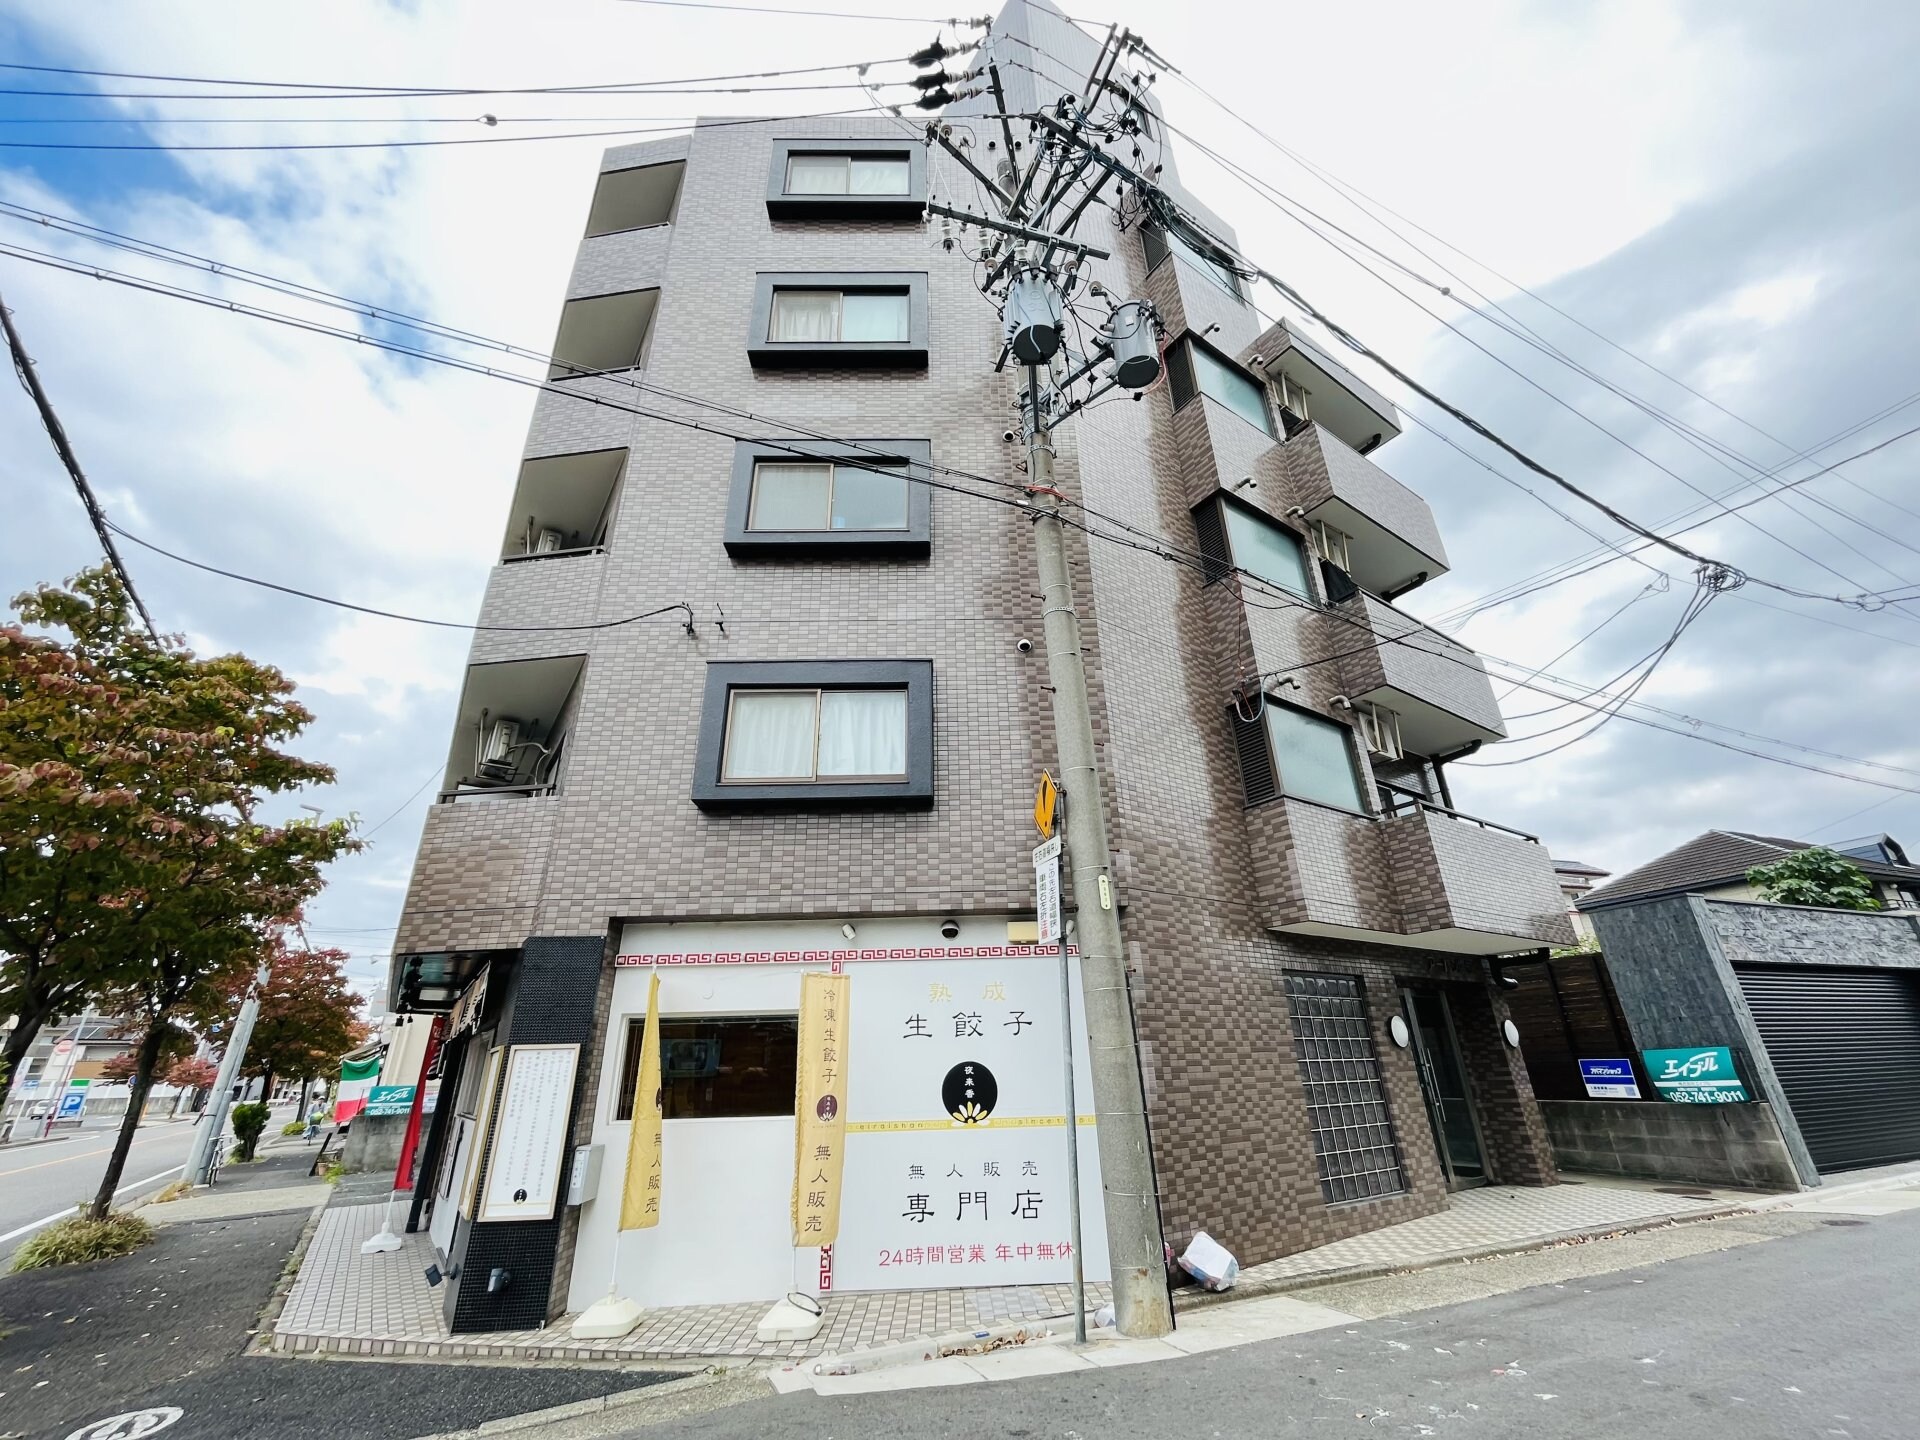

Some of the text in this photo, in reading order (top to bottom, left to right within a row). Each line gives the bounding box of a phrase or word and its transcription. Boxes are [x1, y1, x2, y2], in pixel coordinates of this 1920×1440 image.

[928, 981, 1005, 1003] 熟成
[822, 988, 838, 1084] 冷凍生餃子
[903, 1011, 1032, 1039] 生餃子
[1660, 1051, 1719, 1079] エイブル
[372, 1087, 411, 1102] エイブル
[964, 1066, 975, 1098] 夜来香
[63, 1096, 81, 1109] P
[1669, 1090, 1744, 1103] 052-741-9011
[908, 1161, 1038, 1179] 無人販売
[804, 1144, 831, 1232] 無人販売
[902, 1189, 1043, 1223] 専門店
[879, 1241, 1072, 1266] 24時間営業 年中無休

**About this task:**
Would you copy every entry exactly as it stands, leaving out the pictures?

**Result:**
Some of the text in this photo, in reading order (top to bottom, left to right within a row). Each line gives the bounding box of a phrase or word and its transcription. Boxes are [x1, y1, x2, y2], in pixel coordinates of this 1920×1440 image.

[928, 981, 1005, 1003] 熟成
[822, 988, 838, 1084] 冷凍生餃子
[903, 1011, 1032, 1039] 生餃子
[1660, 1051, 1719, 1079] エイブル
[372, 1087, 411, 1102] エイブル
[964, 1066, 975, 1098] 夜来香
[63, 1096, 81, 1109] P
[1669, 1090, 1744, 1103] 052-741-9011
[908, 1161, 1038, 1179] 無人販売
[804, 1144, 831, 1232] 無人販売
[902, 1189, 1043, 1223] 専門店
[879, 1241, 1072, 1266] 24時間営業 年中無休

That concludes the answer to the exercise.